The label powerset transformation is also directly applied to the task of multi-label feature selection based on transformation, as it is capable of delivering a single-label data set with each subset of labels converted into a new class label.

Trohidis et al. (2008) evaluated and compared several multi-label classification strategies for the task of automated decision of emotion in a music data set. For the empirical evaluation of feature selection, the use of a label powerset transformation was proposed to produce a single-label data set, and then a common feature selection measure was employed (\({\chi }^{2}\) statistic) to select the best features. They verified that, for the evaluated data set, using the ML-KNN algorithm (Zhang and Zhou 2007) as the classification algorithm and the label powerset to apply the feature selection achieved a better Hamming Loss result than without feature selection.

The label powerset transformation was also used for feature selection in Spolaôr et al. (2013), in conjunction with the ReliefF and information gain measures. With this feature selection, it was possible to reduce the dimensionality of the data sets without compromising the classification performance.

The label powerset transformation tends to create too many classes, causing overfitting and imbalance problems (Lee and Kim 2013). Doquire and Verleysen (2011) used the pruned problem transformation (PPT) (Read 2008), an improvement over the label powerset, for multi-label feature selection on three real-world data sets from different domains: gene, semantic scene and emotion (in music) classification. Then a multi-label k-NN algorithm was employed over the original multi-label data containing only the selected features. When compared with the \({\chi }^{2}\) statistic adopted in Trohidis et al. (2008), and also with a non feature selection scenario, the mutual information measure allowed the classification phase to achieve a better result in terms of the Hamming Loss and the accuracy of the classifier.

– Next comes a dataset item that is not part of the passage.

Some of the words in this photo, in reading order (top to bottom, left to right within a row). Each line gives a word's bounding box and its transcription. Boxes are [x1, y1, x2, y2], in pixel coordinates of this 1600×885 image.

Reyes et al. (2015) presented three extensions of the ReliefF algorithm that work in the multi-label learning context. One of the extensions was the PPT-ReliefF, which uses the PPT problem transformation method to convert the multi-label problem into a single-label problem. The results were compared with the BR-ReliefF, LP-ReliefF and two adaptations (ReliefF-ML and RReliefF-ML) proposed in the same work, and indicated an improvement over preceding results.

Traditional single-label feature selection techniques can be categorized as wrapper, embedded or filter. An algorithm from any of these categories can be applied after a single data transformation. However, all publications reviewed in this subsection are categorized as Transformation Based/Single/Filter. This means that there is a lack of work evaluating single-label embedded and wrapper feature selection techniques for multi-label classification.

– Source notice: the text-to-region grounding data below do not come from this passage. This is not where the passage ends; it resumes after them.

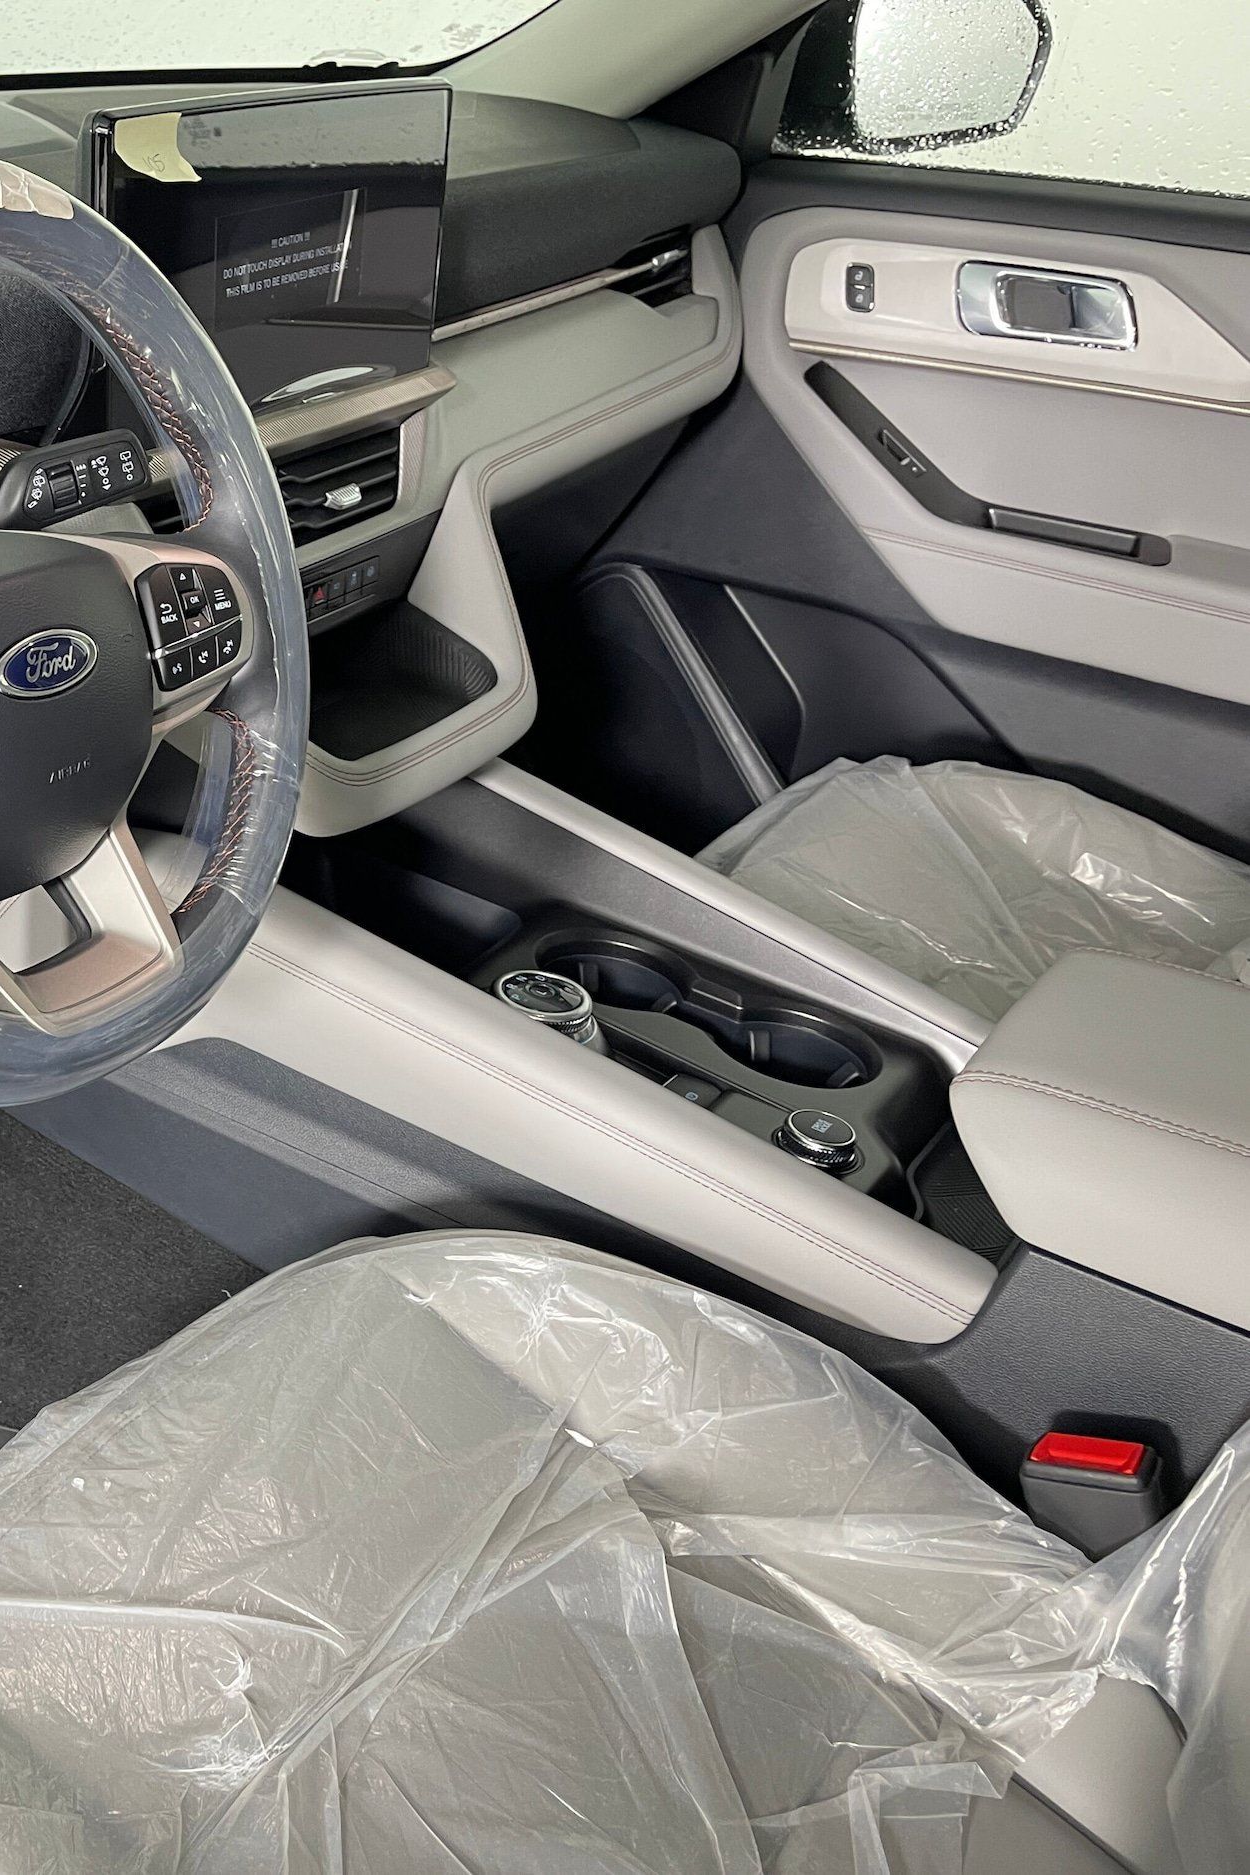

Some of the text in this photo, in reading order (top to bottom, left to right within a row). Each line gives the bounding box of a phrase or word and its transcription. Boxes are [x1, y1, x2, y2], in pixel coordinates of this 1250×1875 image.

[278, 233, 303, 247] CAUTION
[223, 267, 233, 279] DO
[234, 264, 247, 276] NOT
[247, 260, 267, 274] TOUCH
[268, 254, 291, 269] DISPLAY
[292, 249, 314, 263] DURING
[226, 285, 240, 298] THIS
[240, 281, 255, 295] FILM
[256, 280, 263, 291] IS
[263, 278, 271, 289] TO
[272, 275, 281, 287] BE
[281, 269, 308, 284] REMOVED
[308, 263, 330, 278] BEFORE
[190, 595, 200, 604] OK
[214, 600, 232, 611] MENU
[160, 613, 178, 624] BACK
[26, 642, 76, 683] Ford
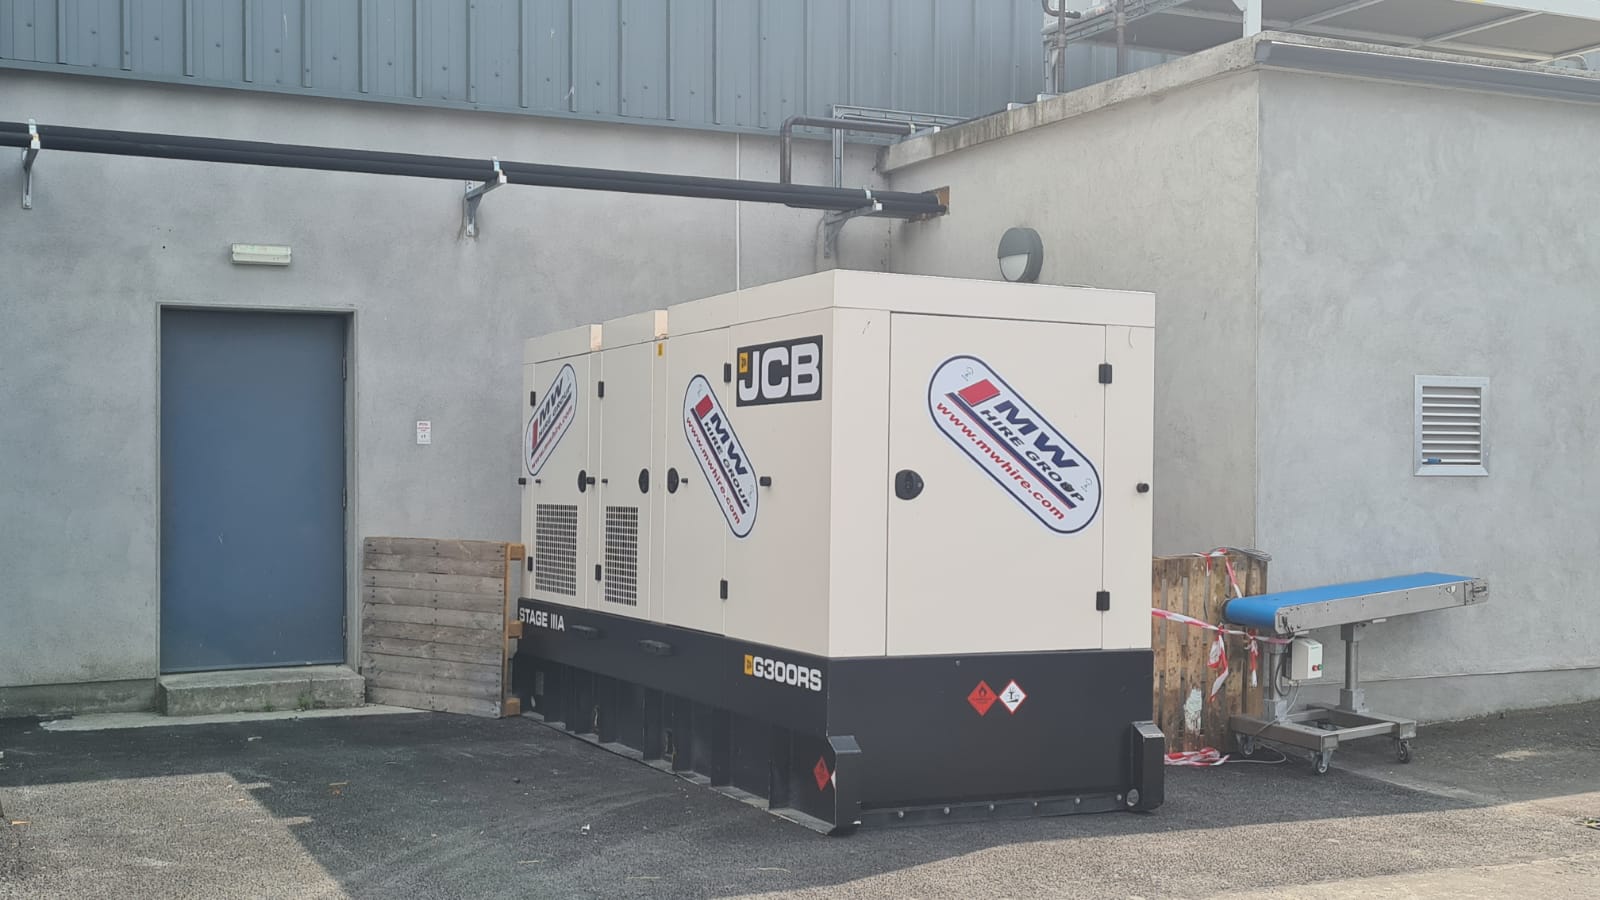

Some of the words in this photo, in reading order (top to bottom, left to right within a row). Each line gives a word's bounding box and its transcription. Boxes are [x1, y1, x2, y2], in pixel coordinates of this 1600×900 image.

[539, 376, 563, 427] MW
[739, 342, 820, 401] JCB
[710, 412, 748, 475] MW
[980, 409, 1025, 447] HIRE
[993, 400, 1080, 468] MW
[687, 417, 740, 524] www.mwhire.com
[704, 421, 723, 454] HIRE
[723, 458, 750, 508] GROUP
[936, 402, 1065, 520] www.mwhire.com
[519, 607, 548, 628] STAGE
[550, 612, 565, 632] IIIA
[753, 656, 822, 692] G300RS

3.1.2 Strategies based on binary relevance transformation

The process of transforming a multi-label data set into several single-label ones was explained in Sect. 2.1. The same technique can be employed for feature selection. For each different label in the original data set, a binary single-label data set is created, and then feature selection is executed.

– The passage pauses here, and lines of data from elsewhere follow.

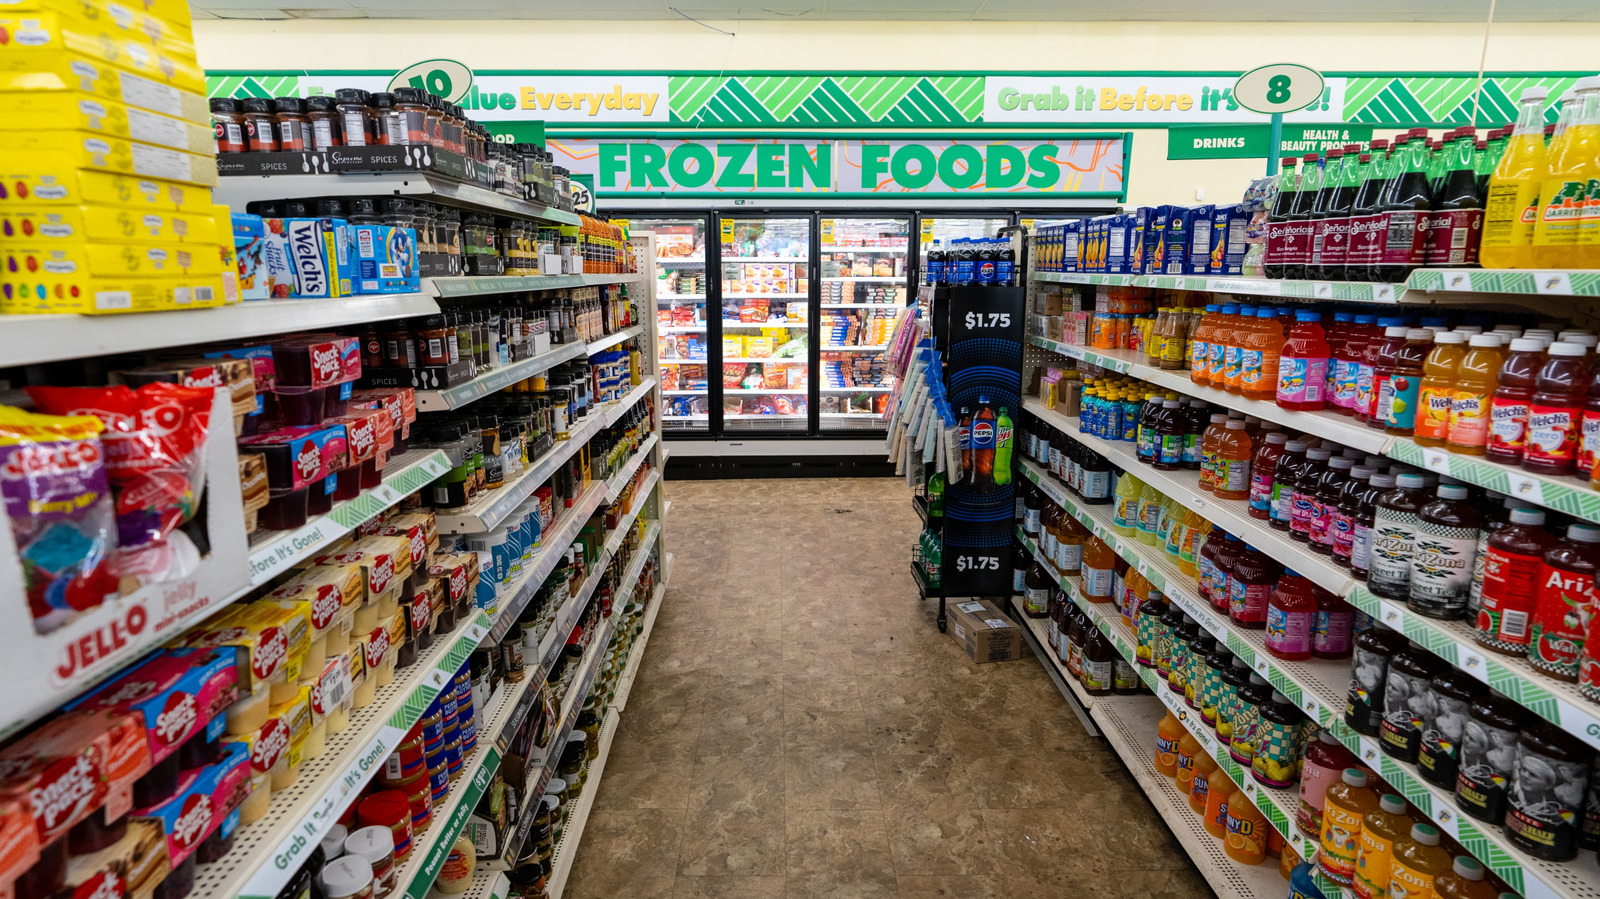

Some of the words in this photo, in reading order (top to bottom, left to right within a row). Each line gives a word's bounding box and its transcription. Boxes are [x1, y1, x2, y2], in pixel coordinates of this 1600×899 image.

[408, 69, 453, 101] 10
[1266, 74, 1292, 105] 8
[520, 84, 660, 116] Everyday
[998, 86, 1069, 112] Grab
[1075, 86, 1096, 112] it
[1099, 86, 1194, 112] Before
[1193, 136, 1246, 150] DRINKS
[1281, 140, 1318, 152] BEAUTY
[1303, 129, 1339, 141] HEALTH
[1341, 129, 1350, 141] &
[261, 161, 288, 172] SPICES
[370, 155, 398, 165] SPICES
[598, 142, 831, 189] FROZEN
[861, 144, 1061, 189] FOODS
[1323, 222, 1350, 238] Señor
[265, 241, 278, 276] Snacks
[272, 247, 286, 272] Fruit
[294, 223, 320, 293] Welch's
[965, 311, 1011, 330] $1.75
[314, 349, 339, 368] Snack
[320, 360, 340, 379] pack
[371, 377, 398, 386] SPICES
[384, 397, 401, 412] Snack
[1493, 406, 1527, 418] Welch's
[1495, 422, 1518, 432] zero
[1531, 412, 1569, 427] Welch's
[351, 421, 374, 443] Snack
[974, 430, 993, 438] PEPSI
[1534, 430, 1559, 440] zero
[297, 446, 321, 468] Snack
[356, 435, 375, 455] pack
[303, 458, 321, 480] pack
[275, 538, 294, 562] It's
[292, 527, 324, 556] Gone!
[409, 529, 425, 551] Snack
[1374, 533, 1416, 554] AriZon
[412, 541, 426, 565] pack
[956, 555, 1000, 573] $1.75
[370, 556, 394, 581] Snack
[450, 569, 467, 590] Snack
[1397, 570, 1410, 579] Te
[376, 569, 395, 593] pack
[454, 580, 468, 602] pack
[1436, 587, 1457, 598] Tea
[312, 586, 341, 619] Snack
[412, 594, 430, 618] Snack
[1170, 589, 1184, 603] Grab
[1184, 600, 1201, 618] Before
[1198, 613, 1208, 626] It's
[1204, 619, 1221, 635] Gone!
[319, 601, 342, 630] pack
[416, 609, 431, 631] pack
[56, 604, 148, 680] JELL-O
[254, 627, 285, 665] Snack
[367, 630, 390, 656] Snack
[261, 646, 287, 677] pack
[375, 644, 391, 668] pack
[157, 692, 197, 736] Snack
[1163, 692, 1175, 705] Grab
[1176, 707, 1191, 724] Beore
[1195, 727, 1212, 747] Gone!
[167, 709, 199, 747] pack
[252, 720, 288, 759] Snack
[259, 739, 289, 771] pack
[30, 754, 94, 818] Snack
[46, 774, 96, 829] pack
[274, 836, 308, 871] Grab
[344, 770, 362, 794] It's
[359, 739, 387, 774] Gone!
[175, 794, 213, 842] Snack
[1514, 809, 1543, 828] LITE
[184, 812, 214, 850] pack
[424, 850, 444, 877] Peanut
[440, 829, 456, 856] Butter
[458, 802, 471, 821] Jelly

Figure 3 represents a feature selection model based on the binary relevance (BR) transformation. Each label from the data set is considered individually in order to perform the feature selection. Then the single-label feature selection is applied once for each single-label data set.

Fig. 3
figure 3

Transformation-Based/Binary-Relevance multi-label feature selection

There are two ways to handle the feature selection result on a BR approach. The first one is to combine the feature selection result of each binary model into a single output, which we call the External approach. Then the reduced data set is given as input to a multi-label classifier. In this case there is the need to aggregate the feature selection results before classification.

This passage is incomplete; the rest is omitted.